I have some explaining to do because only a rarefied few would understand the title of this post. “Gut Yonteff” is the traditional way Jews greet each other on religious holidays. The phrase (from Yiddish and Hebrew) literally means: “Good good-day”. This year, we had a guest in town for Passover, the pope, and so we were able to utter the phrase some wag coined a long time ago: “Gut yonteff, Pontiff!” And welcome.
I had a weekend filled with “organized religion”, albeit an ecumenical one. Normally, that could go very badly or very well, but fortunately this weekend went well. I went to a Passover seder at a friend’s house in which dear husband officiated, and I was very proud of the way he handled himself.
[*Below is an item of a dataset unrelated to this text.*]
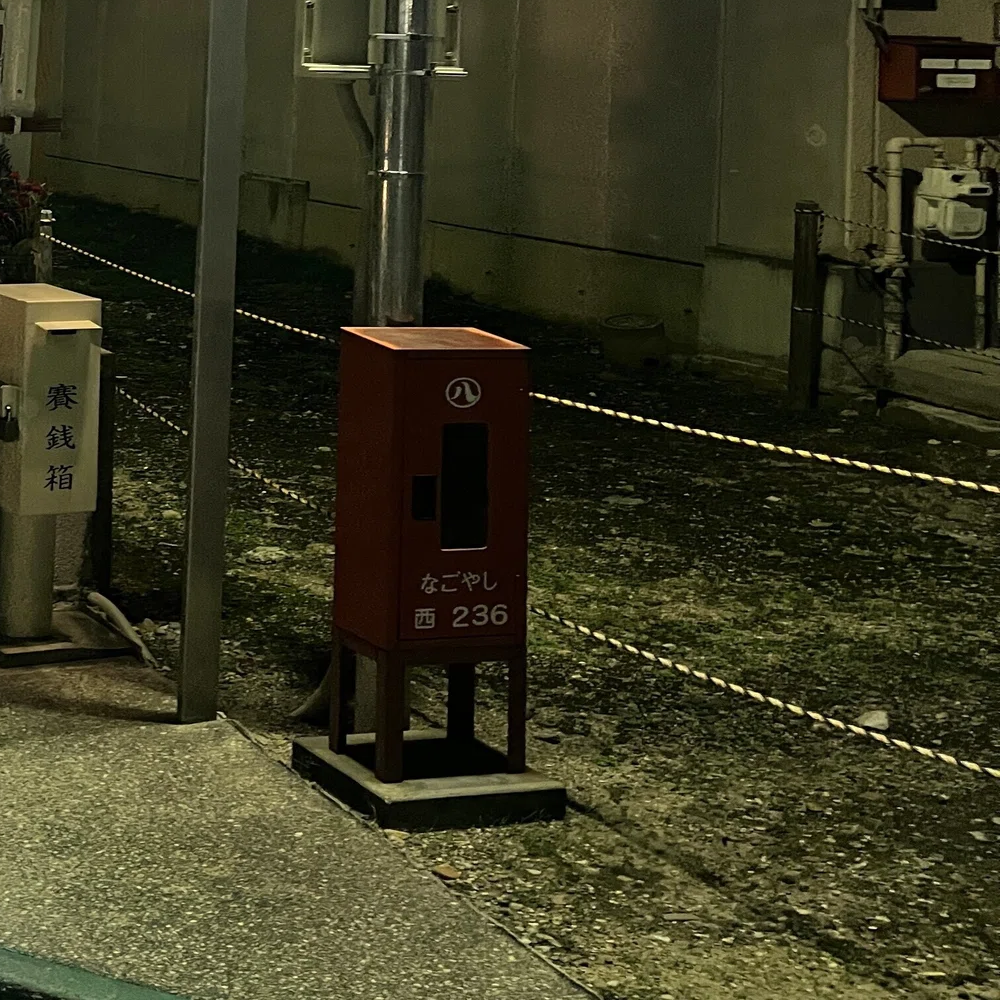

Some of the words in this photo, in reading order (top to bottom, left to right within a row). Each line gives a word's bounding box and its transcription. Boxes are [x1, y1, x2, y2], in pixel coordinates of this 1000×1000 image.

He did not grow up religiously observant, so whatever he knows he learned as an adult — with a lot of help from me, I have to admit.
Passover marks the deliverance of the ancient Israelites from slavery in Egypt. But it can also represent deliverance from present-day difficulties. For example, the Haggadah (what we read at the seder) exhorts people to imagine themselves in the here and now — as if they had just been liberated from bondage. So at our seder, DH asked the people present one-by-one the following question: What it is that you are enslaved to today? We all have something that we feel is more in control of us than we are of it.
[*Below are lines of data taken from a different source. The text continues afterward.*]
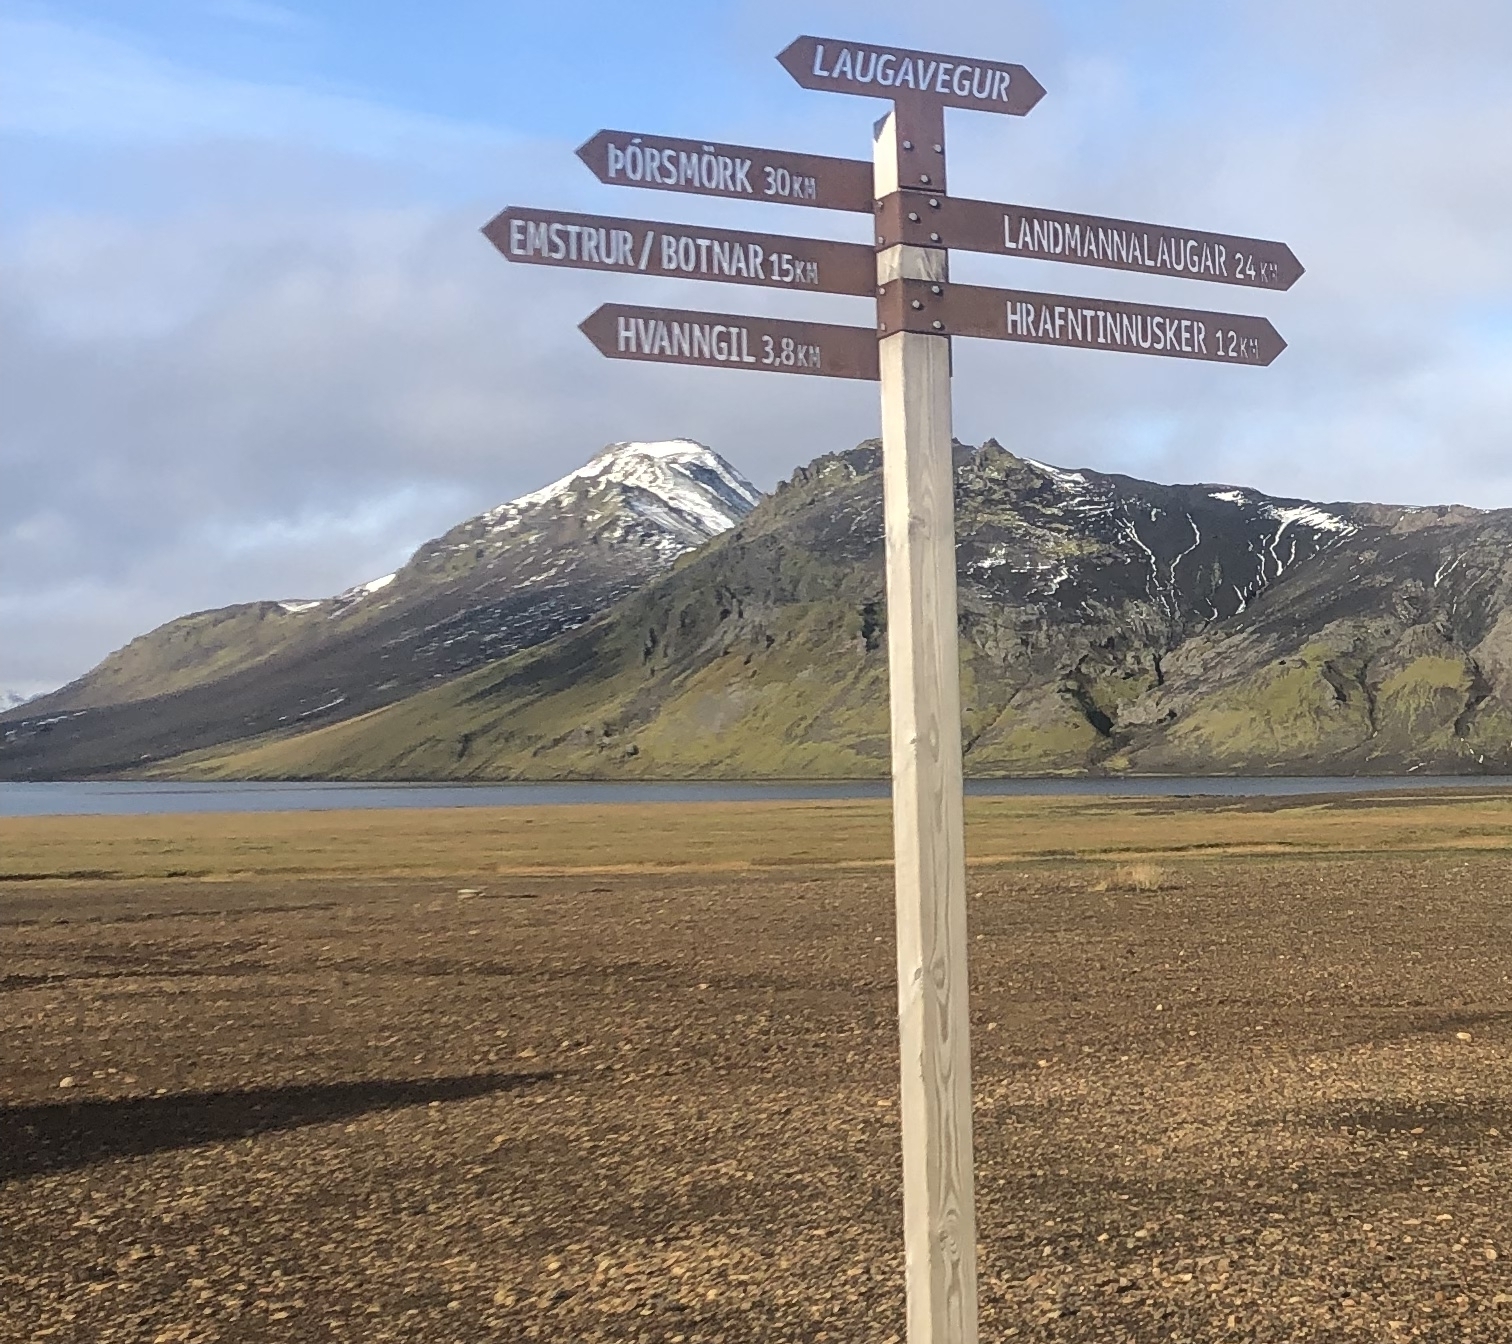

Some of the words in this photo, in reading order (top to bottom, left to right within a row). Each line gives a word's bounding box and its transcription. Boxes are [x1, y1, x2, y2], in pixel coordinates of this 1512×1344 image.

[812, 44, 1011, 102] LAUGAVEGUR
[607, 138, 753, 194] ÞÓRSMÖRK
[509, 218, 635, 267] EMSTRUR
[661, 235, 765, 280] BOTNAR
[1003, 214, 1228, 277] LANDMANNALAUGAR
[617, 315, 757, 364] HVANNGIL
[1006, 300, 1207, 356] HRAFNTINNUSKER
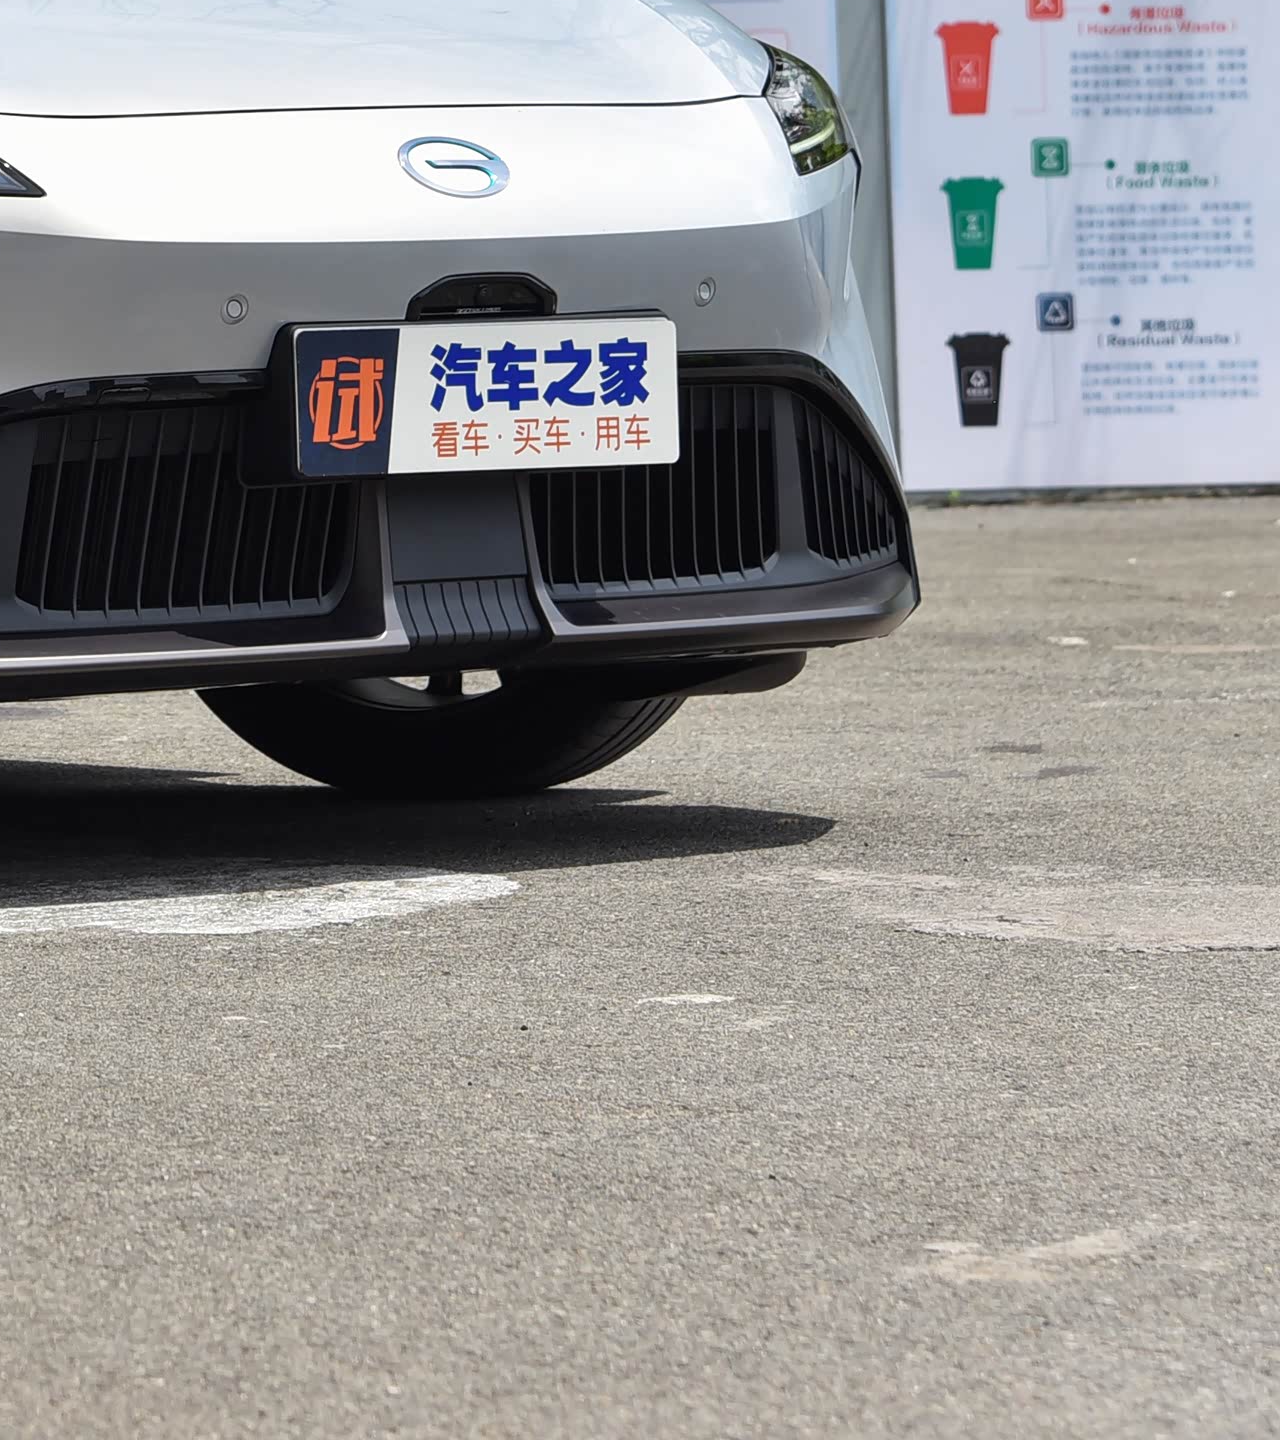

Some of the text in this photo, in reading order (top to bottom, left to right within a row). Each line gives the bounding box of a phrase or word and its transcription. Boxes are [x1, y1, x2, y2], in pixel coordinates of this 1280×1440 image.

[312, 358, 384, 443] 试
[430, 338, 649, 412] 汽车之家
I was surprised by the answers. Not one person mentioned being held captive by illness, even though the crowd was middle-aged and older. However, a number of people mentioned feeling enslaved to feelings like envy, anger, self-hate, or extreme ambition. When it came to my turn I mentioned anger (among other things), partly because I am very angry that we have been stiricken with this disease. I’m angry at the world, at God if He exists, and at my husband. Even though I know it’s irrational. I was just reading a manuscript of a book about PC and I came across this dialogue: A man was diagnosed with PC and asked his pastor the age-old question, “Why me?”. The pastor replied, “Why not you?” Why not indeed.
Part of the reason I’m angry is that I view prostate cancer as a disease of old age (average age at diagnosis is 68) and I didn’t appreciate being robbed of my middle age, even though I may not be missing much!
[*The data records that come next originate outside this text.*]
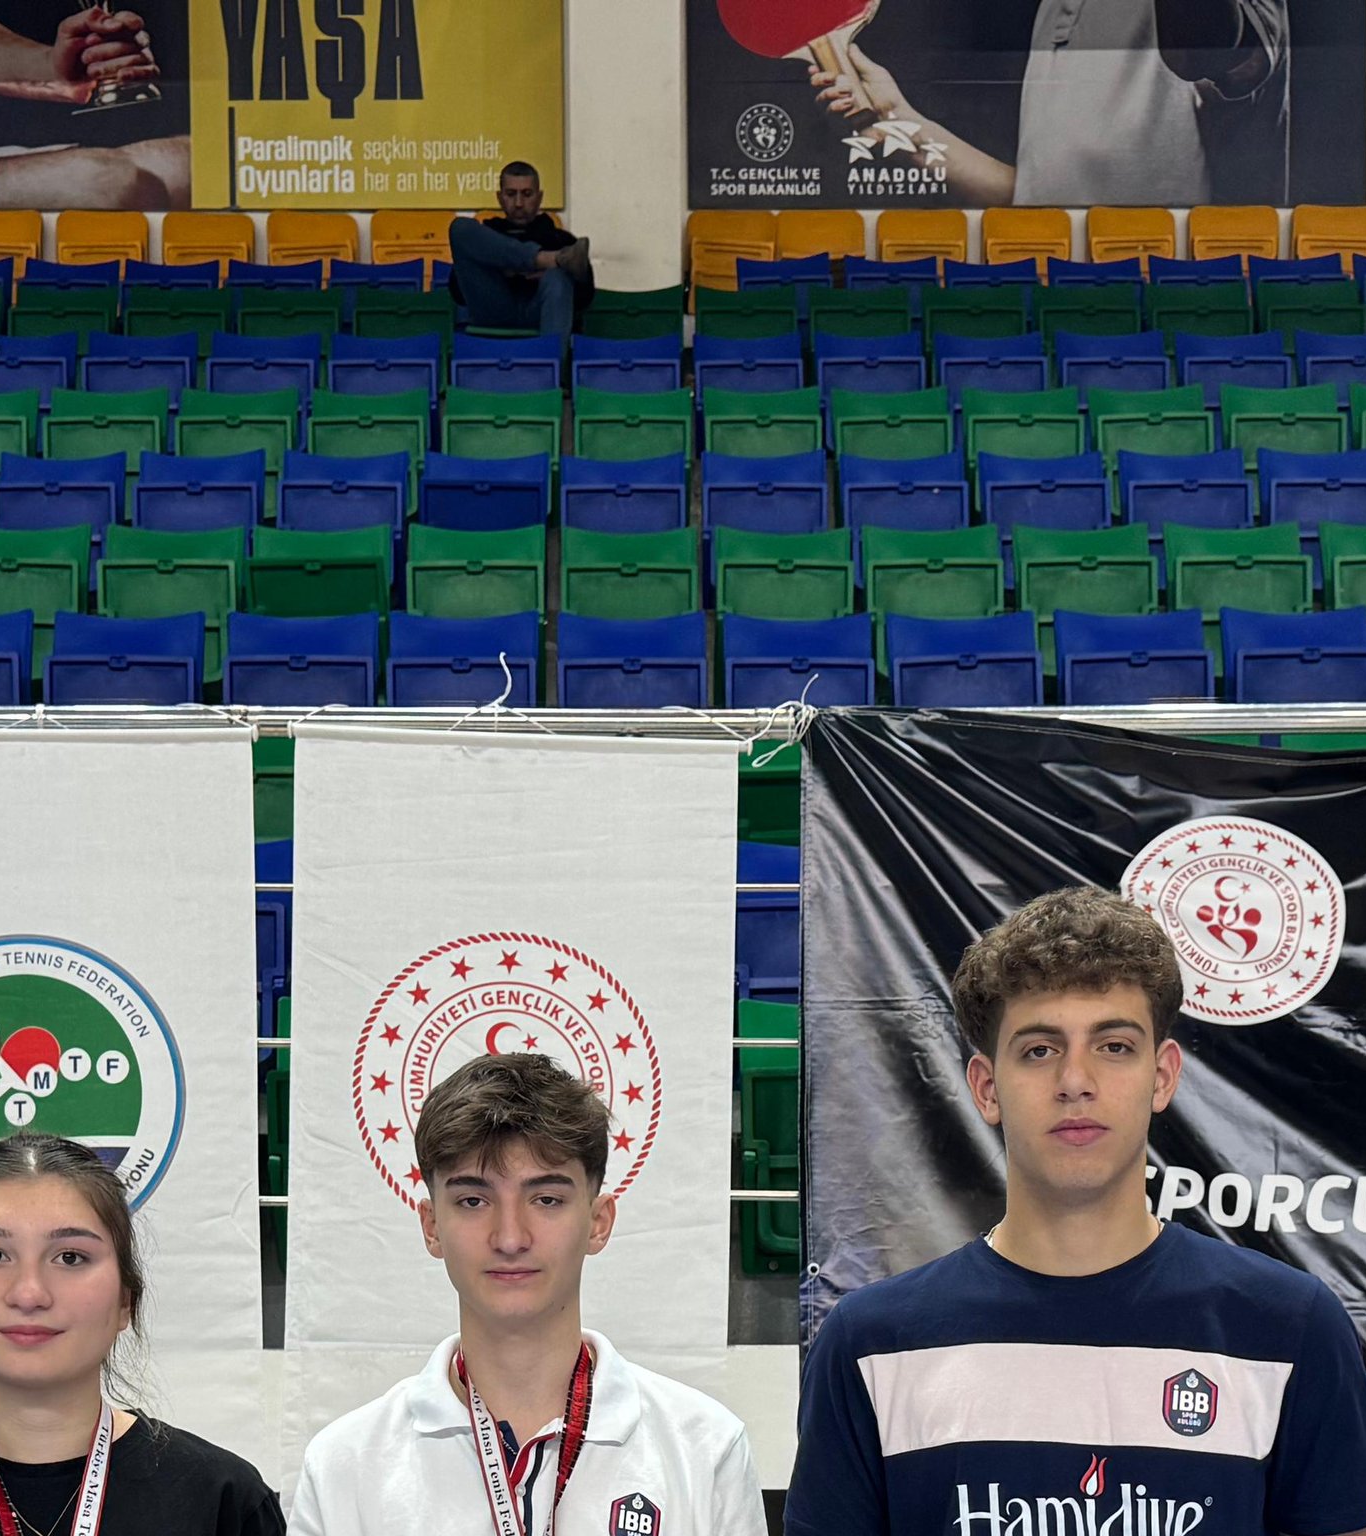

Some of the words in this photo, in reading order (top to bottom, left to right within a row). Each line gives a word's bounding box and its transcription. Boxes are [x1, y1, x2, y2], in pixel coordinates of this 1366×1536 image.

[220, 0, 424, 118] YAŞA
[238, 135, 353, 165] Paralimpik
[363, 136, 417, 166] seçkin
[239, 164, 354, 198] Oyunlarla
[364, 166, 390, 192] her
[397, 171, 417, 192] an
[423, 166, 450, 192] her
[710, 168, 735, 180] T.C.
[738, 166, 798, 182] GENÇLİK
[802, 168, 821, 180] VE
[710, 184, 745, 196] SPOR
[749, 182, 821, 196] BAKANLIĞI
[847, 167, 947, 182] ANADOLU
[847, 183, 947, 195] YILDIZLARI
[1209, 857, 1265, 875] GENÇLİK
[1269, 871, 1284, 887] VE
[1282, 886, 1298, 922] SPOR
[3, 952, 65, 968] TENNIS
[67, 961, 151, 1039] FEDERATION
[481, 989, 565, 1022] GENÇLİK
[564, 1015, 586, 1042] VE
[580, 1041, 605, 1094] SPOR
[488, 1459, 509, 1507] Tenisi
But I know that the first step in liberating yourself from negative influences is becoming aware of them. So anger is something I have to work on getting rid of.
The second question I had about “liberation” was this: Can we as a couple liberate ourserves, i.e., separate ourselves from his disease, or does it have to define us? Can dear husband and I think of ourselves as a regular couple who are encountering a negative event in our lives as all people do — or do we think of ourselves as a couple with prostate cancer, where the cancer is omnipresent and intricately intertwined with our beings. No question that the former way is a better way to live.
But I have to place myself in the latter category. I can’t separate the man, the couple, from the cancer. Maybe I even have an unhealthy attachment to it. DH does a much better job of defining his relationship with prostate cancer. He puts it in its place, i.e., he recognizes that life has its ups and downs and that he is experiencing one of the downs and hopefully there will be an end to it. He carries on with life as before. But I must say that it’s hard to know what DH is really thinking, as he doesn’t talk much. And his way of dealing with unpleasant realities is denial.
I may be more identified with DH’s prostate cancer because I did all the research about the disease and arranged all the doctor’s appointments. I don’t nag DH but I try to see that he eats a certain way and takes some supplements — i.e., follows a PC-friendly diet. So the truth is that in some ways I’ve become more familiar with the PC than my husband has.
I am going to try to deal with my feelings of anger about the PC. I will try not to see our lives as being inseparable from it. We are a couple with a lot going for us, and the cancer is just one item on the debit side of the balance sheet.
So on this Passover, I wish that you all that you be liberated from whatever is holding you back, keeping you in bondage.
I love pageantry and nobody does this better than the Catholic church, so on Sunday I sat in front of the TV entranced, watching the pope officiate at mass at Yankee Stadium. Ted had gone to the synagogue for Passover services and when he returned he called out to me: “Where is this divine music coming from?”
So Ted and I sat and listened to a sublime concert. Music is another thing nobody does better than the catholic church. I love all kinds of choral music, also organ music, and spouse loves early (church) music, so we were both very satisfied. I wonder if someone could be healed of PC by listening to church music for days on end.
I doubt that I would agree with the Pope on any one thing — maybe the death penalty, because it’s so flawed — but I still found the pontiff’s visit healing. As Peggy Noonan wrote in the WSJ, “There is a sweetness about this man.” He is the contemplative type, and supposedly in his homily he touted the virtues of silence. Amen to that. We live in such a noisy world, what with our cellphones, TV’s computers, blackberries, ipods and so forth. Silence can be a healing antidote to all that. As a matter of fact, I once posted an article with suggestions from Johns Hopkins about dealing with anxiety, and one of the recommendations was “Turn off the TV”.
I just want to make one more comment about this pope. He apologized for the clergy sex abuse scandal without resorting to gay baiting. He acknowledged that the problem had everything to do with pedophilia and nothing to do with homosexuality. He deserves credit for that.